Exercise prompt =>
Copy the listing verbatim, excluding any images found in it.

☆ ☆ ☆ ☆ ☆

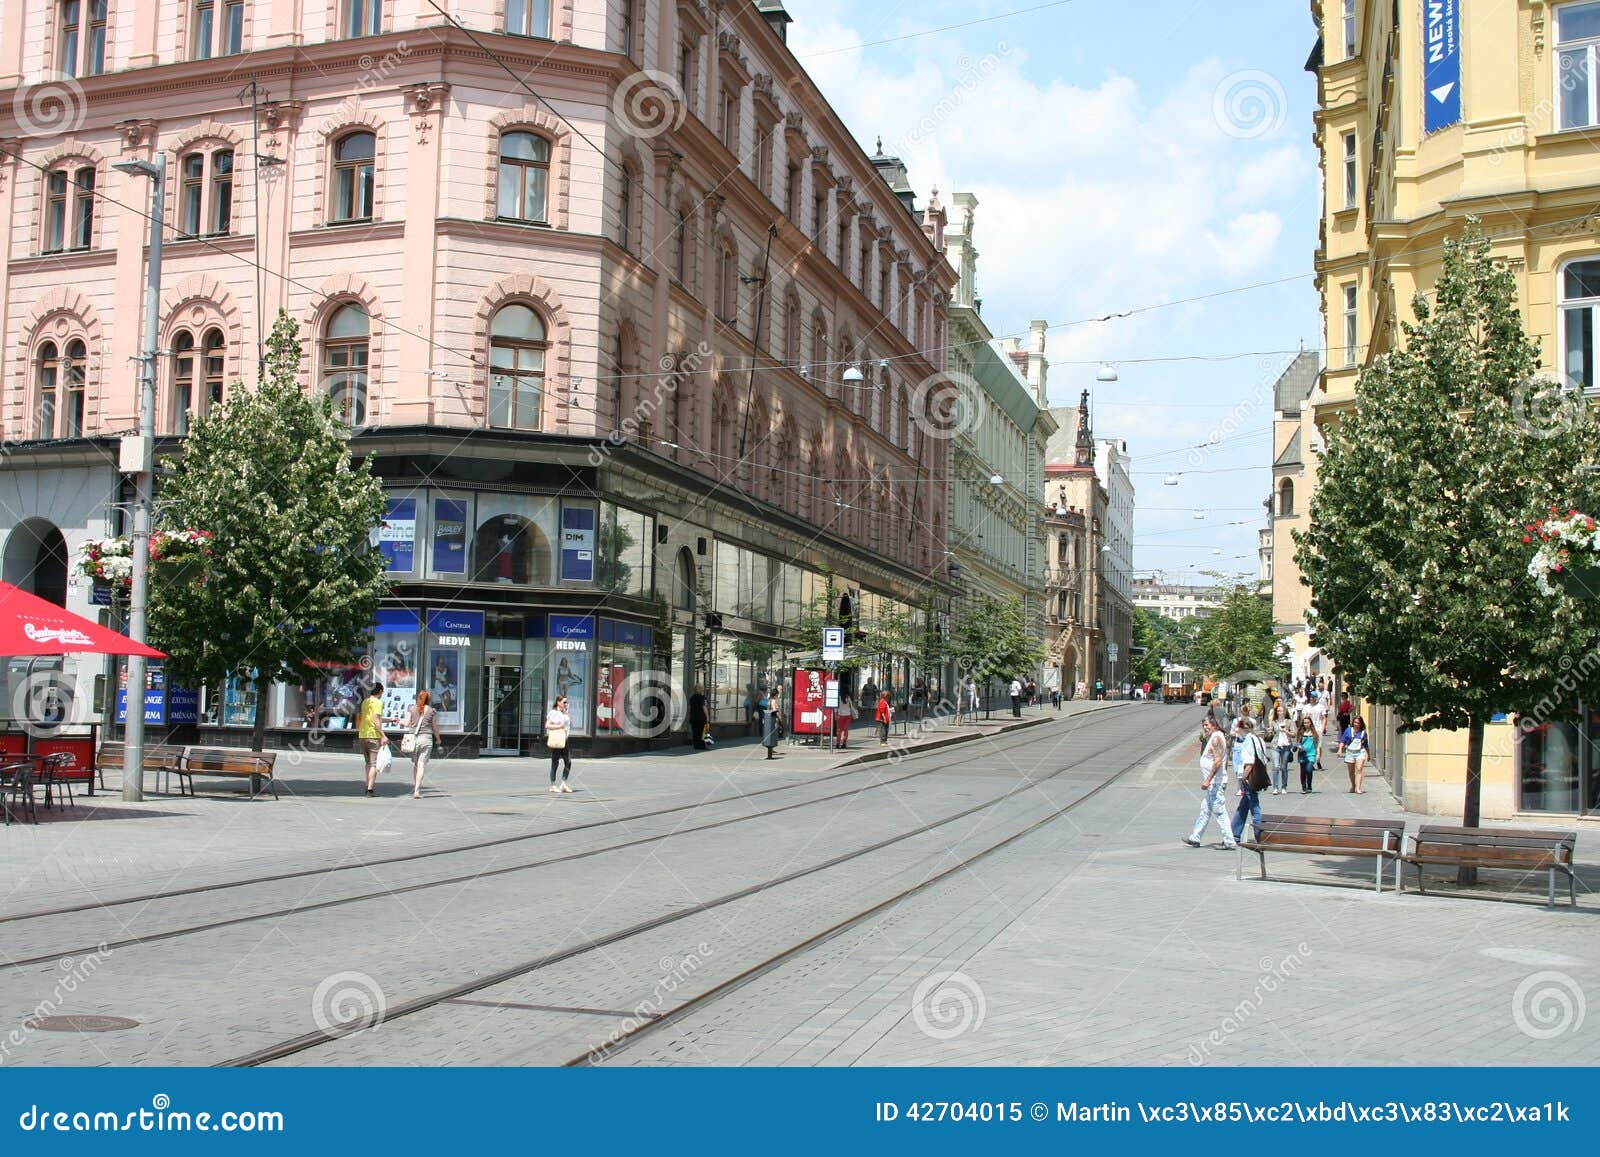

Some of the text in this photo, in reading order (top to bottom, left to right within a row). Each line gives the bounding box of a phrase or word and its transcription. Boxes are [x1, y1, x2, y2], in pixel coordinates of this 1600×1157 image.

[1428, 0, 1443, 63] NEW
[565, 533, 583, 541] DIM
[439, 636, 471, 647] HEDVA
[556, 640, 587, 651] HEDVA

☆ ☆ ☆ ☆ ☆

Answer for this exercise =>
Some of the text in this photo, in reading order (top to bottom, left to right within a row). Each line gives the bounding box of a phrase or word and its transcription. Boxes are [x1, y1, x2, y2], in pixel coordinates of this 1600×1157 image.

[1428, 0, 1443, 63] NEW
[565, 533, 583, 541] DIM
[439, 636, 471, 647] HEDVA
[556, 640, 587, 651] HEDVA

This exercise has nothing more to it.